* _TASK DESCRIPTION_: Please restate every record below word for word and skip the pictures.
THE INPUT below:
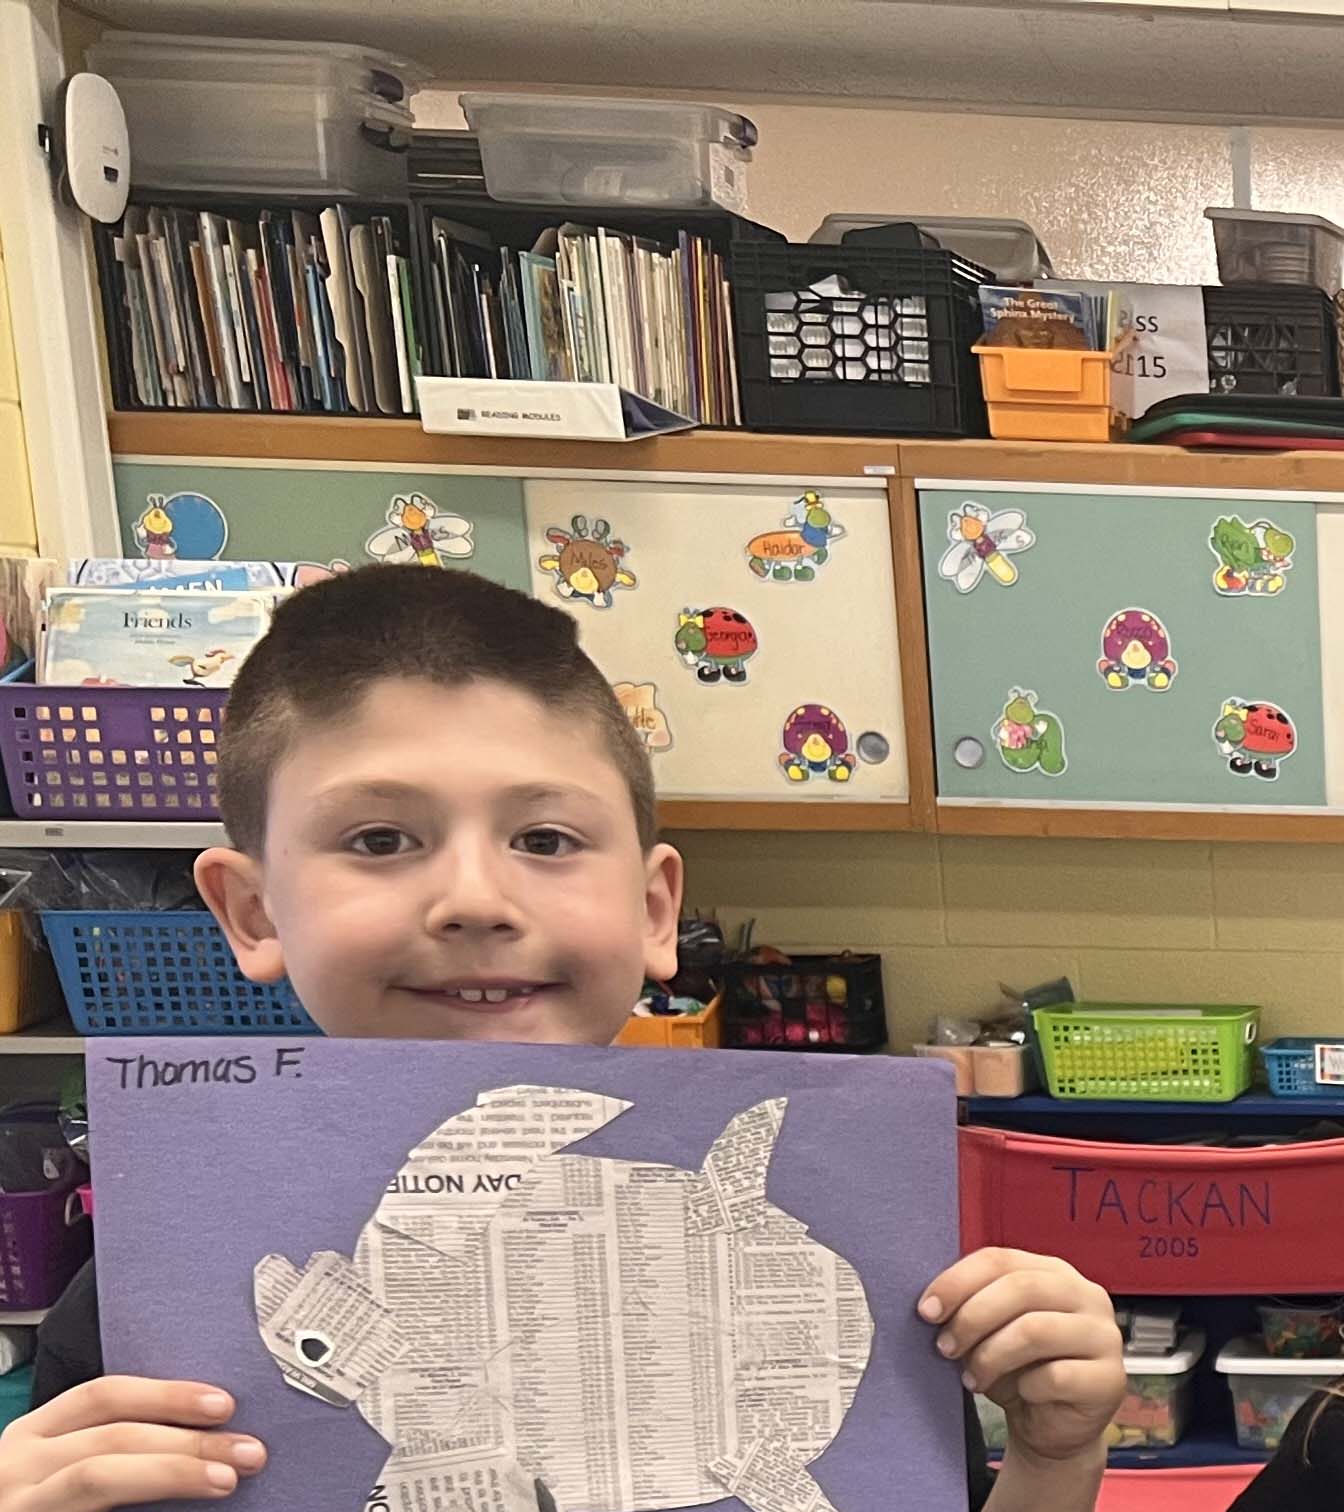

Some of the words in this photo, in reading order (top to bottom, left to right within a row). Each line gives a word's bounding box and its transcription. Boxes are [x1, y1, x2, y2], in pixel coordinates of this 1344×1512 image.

[1003, 297, 1024, 307] The
[1027, 299, 1058, 310] Great
[990, 308, 1027, 320] Sphinx
[1029, 310, 1075, 323] Mystery
[1137, 355, 1167, 378] 15
[123, 612, 193, 630] Friends
[107, 1053, 258, 1090] Thomas
[271, 1047, 305, 1079] F.
[1050, 1166, 1272, 1229] TACKAN
[1138, 1234, 1199, 1261] 2005
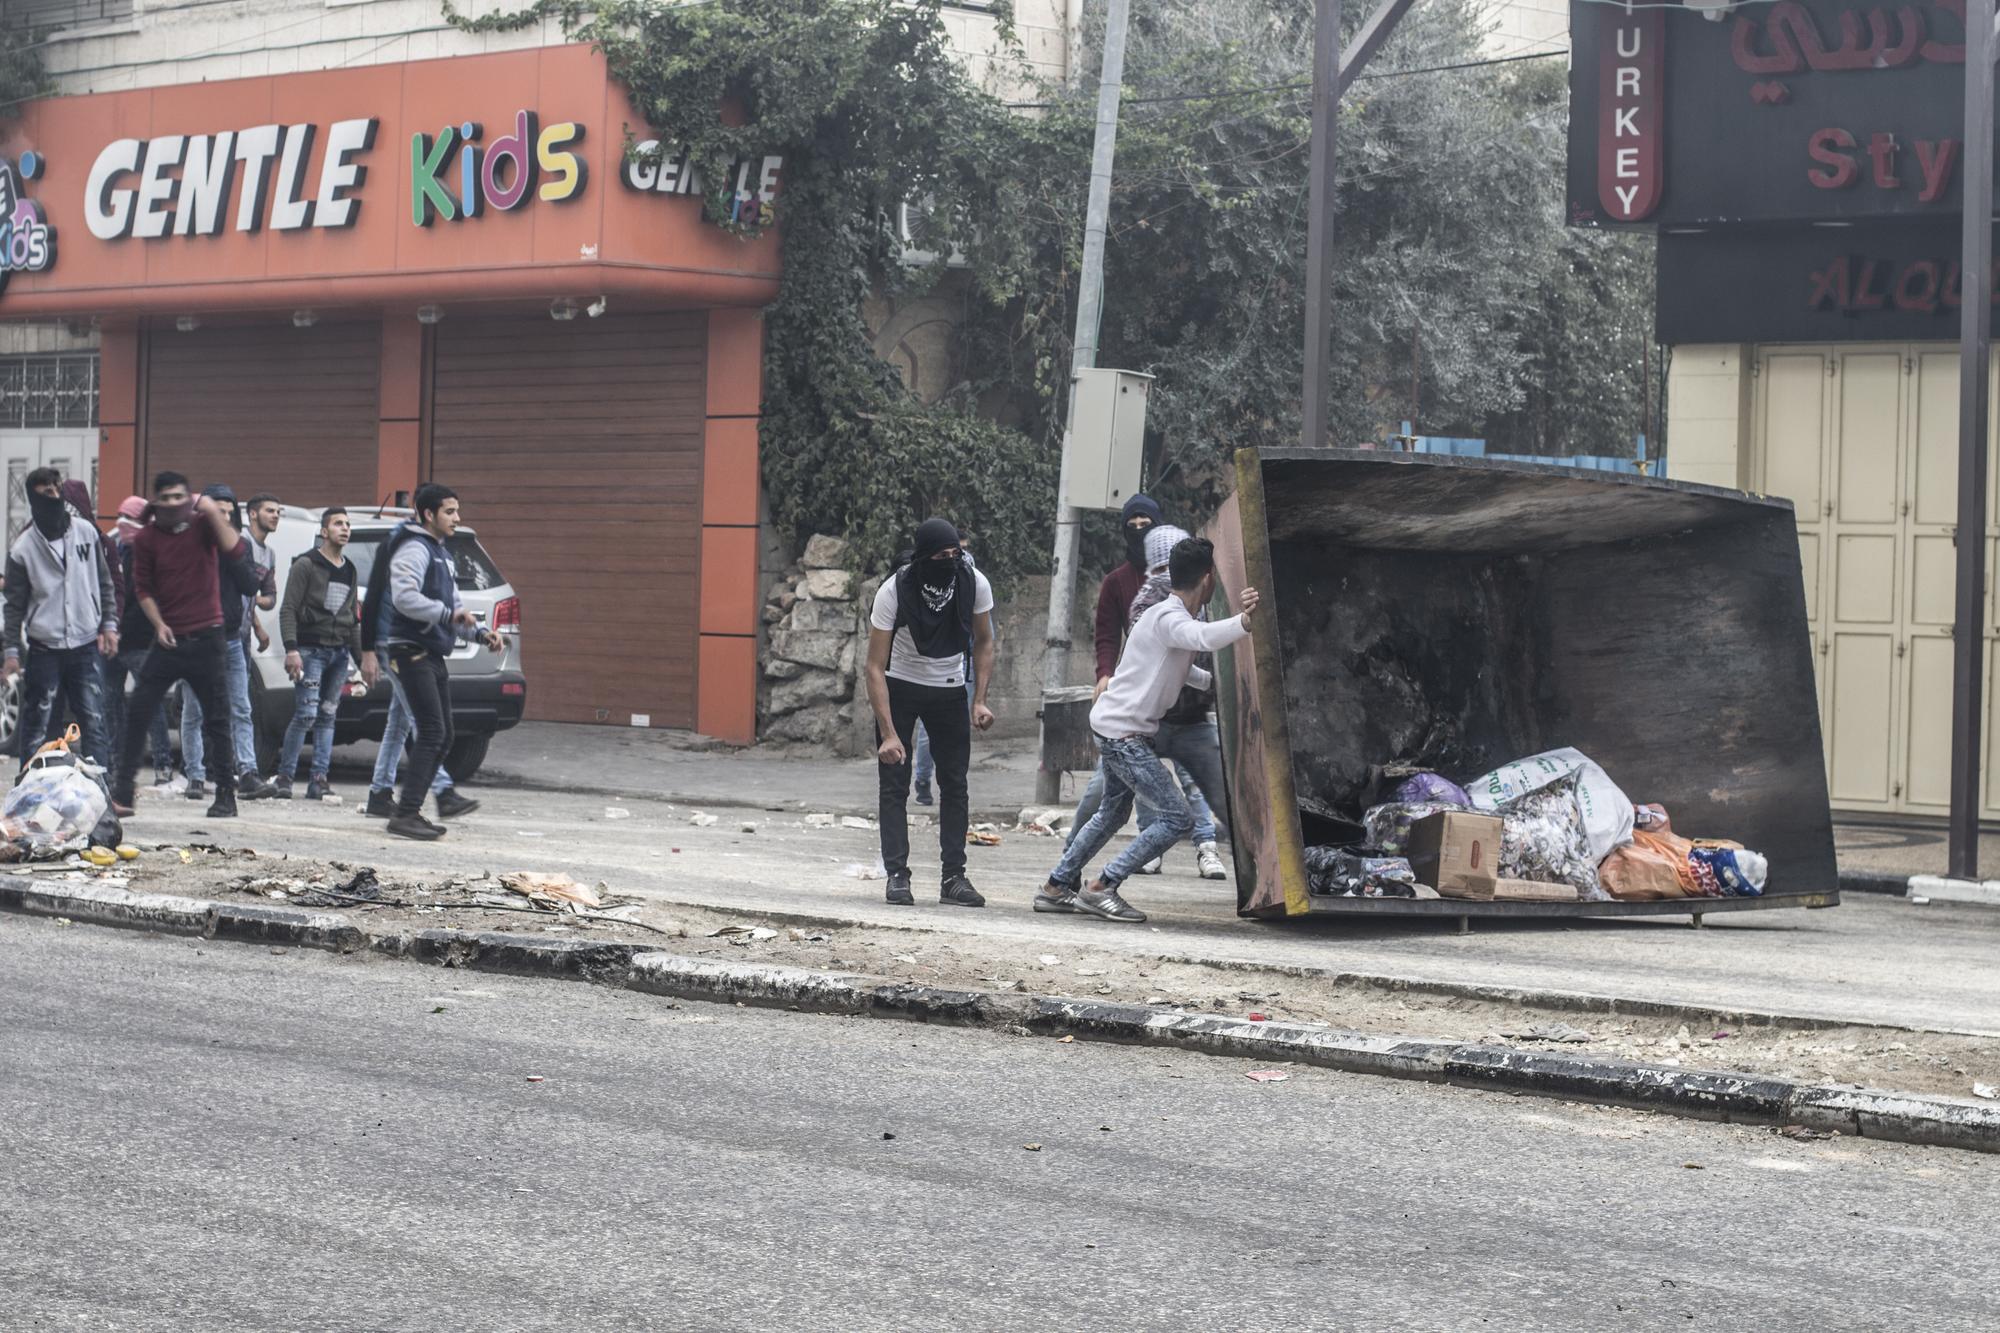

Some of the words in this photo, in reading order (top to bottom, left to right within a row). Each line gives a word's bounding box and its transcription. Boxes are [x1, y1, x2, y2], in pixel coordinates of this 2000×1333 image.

[84, 116, 374, 240] GENTLE
[411, 108, 584, 228] Kids
[1807, 127, 1960, 202] Sty
[717, 190, 775, 225] ids
[75, 542, 92, 562] W
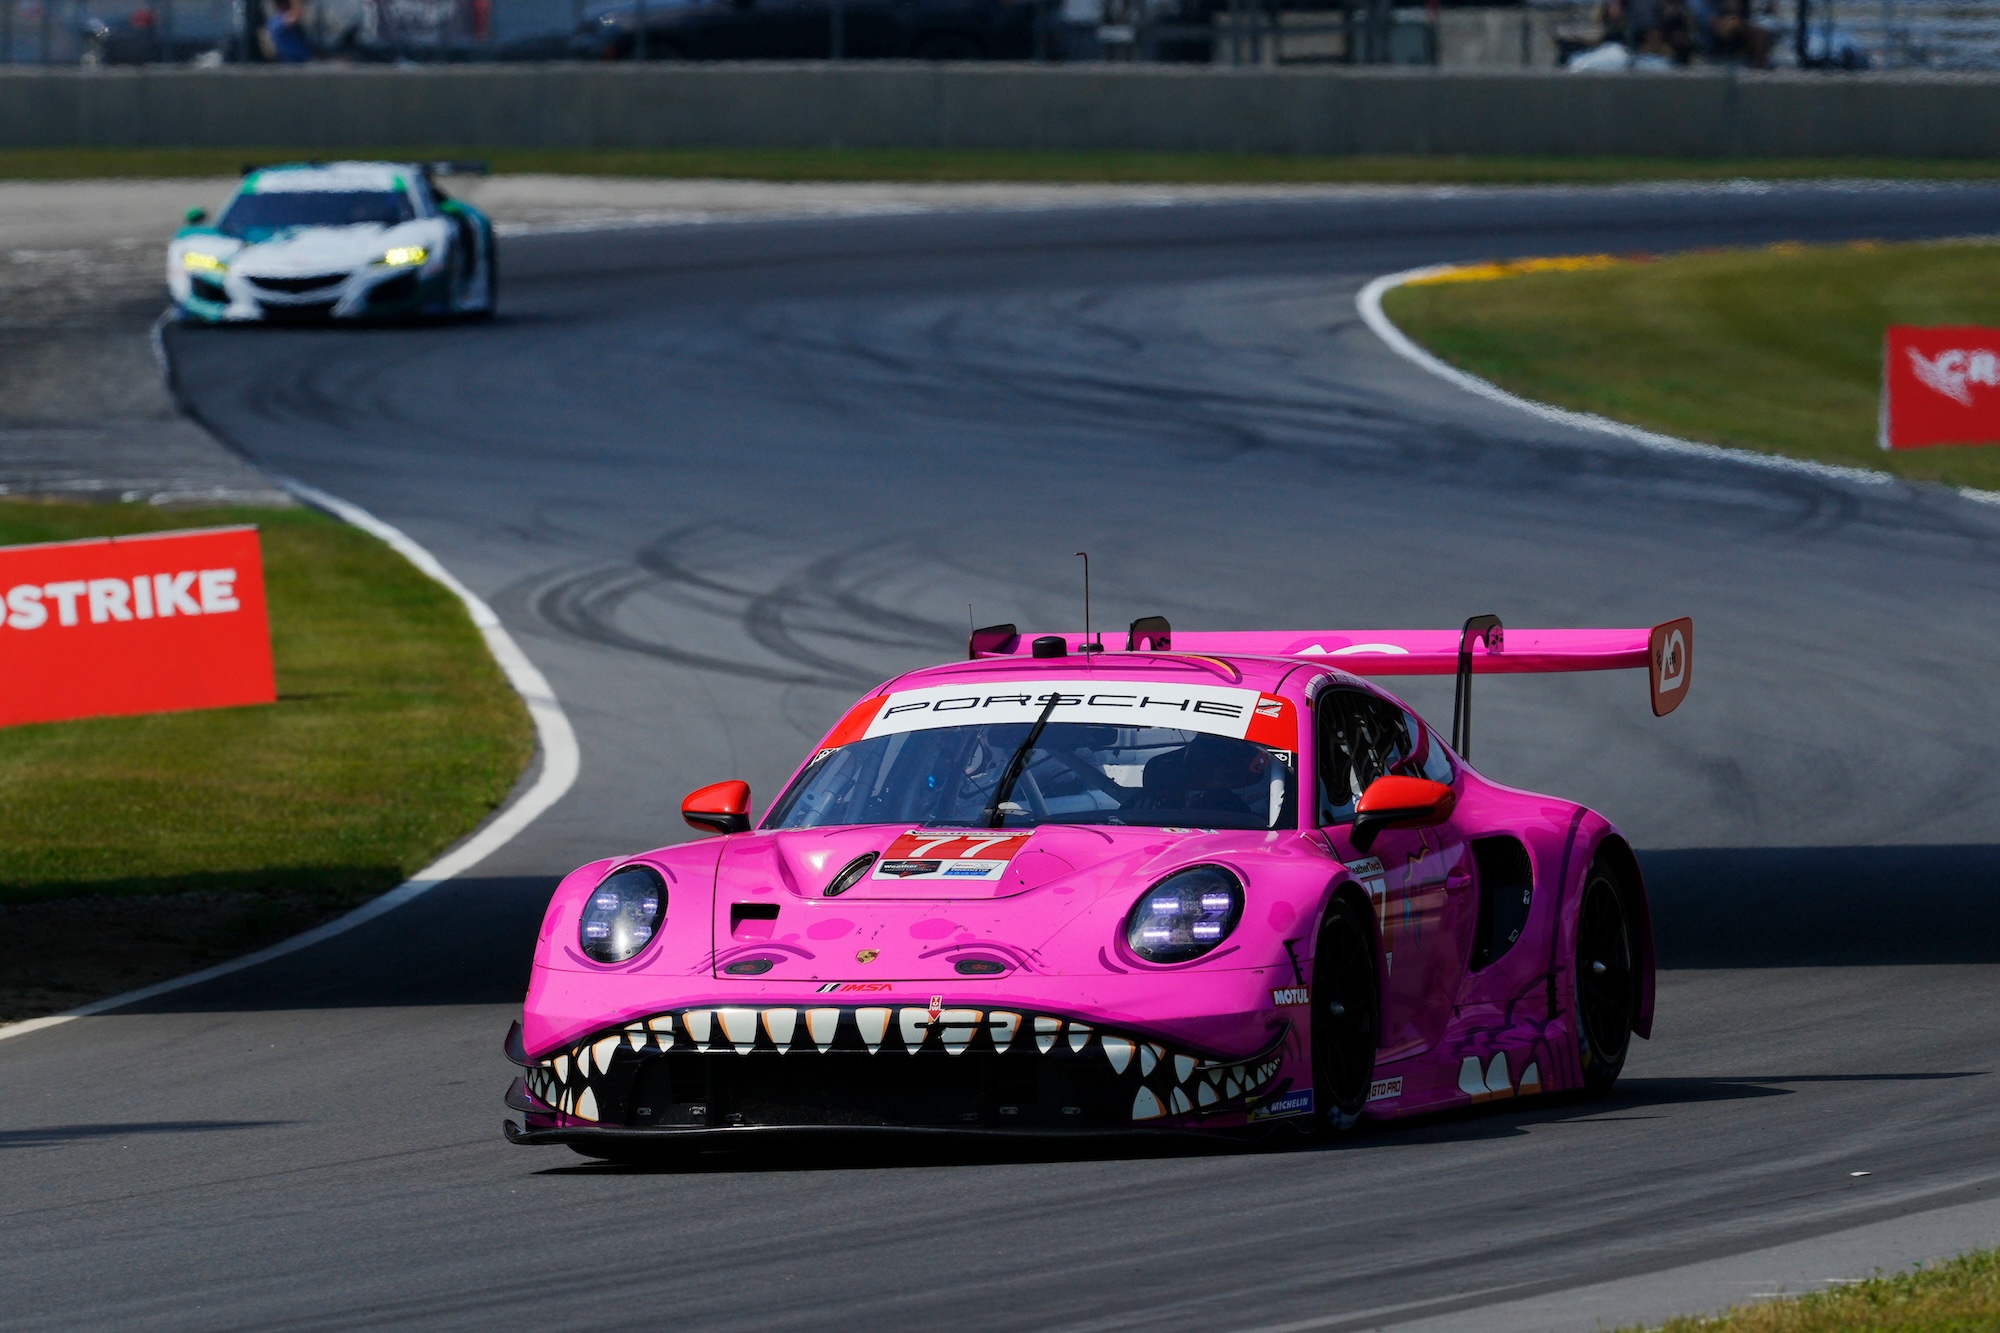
End of THE INPUT.
* _OUTPUT BELOW_:
Some of the words in this photo, in reading order (top to bottom, left to right within a row). Each line gives a word's bounding box and its transcription. Boxes are [x1, y1, x2, y2], in pixel coordinates of this 1344×1512 image.

[1003, 297, 1024, 307] The
[1027, 299, 1058, 310] Great
[990, 308, 1027, 320] Sphinx
[1029, 310, 1075, 323] Mystery
[1137, 355, 1167, 378] 15
[123, 612, 193, 630] Friends
[107, 1053, 258, 1090] Thomas
[271, 1047, 305, 1079] F.
[1050, 1166, 1272, 1229] TACKAN
[1138, 1234, 1199, 1261] 2005

Some of the words in this photo, in reading order (top to bottom, left to right within a row). Each line gives a word's bounding box and its transcription. Boxes are [x1, y1, x2, y2], in pixel coordinates of this 2000×1333 image.

[84, 116, 374, 240] GENTLE
[411, 108, 584, 228] Kids
[1807, 127, 1960, 202] Sty
[717, 190, 775, 225] ids
[75, 542, 92, 562] W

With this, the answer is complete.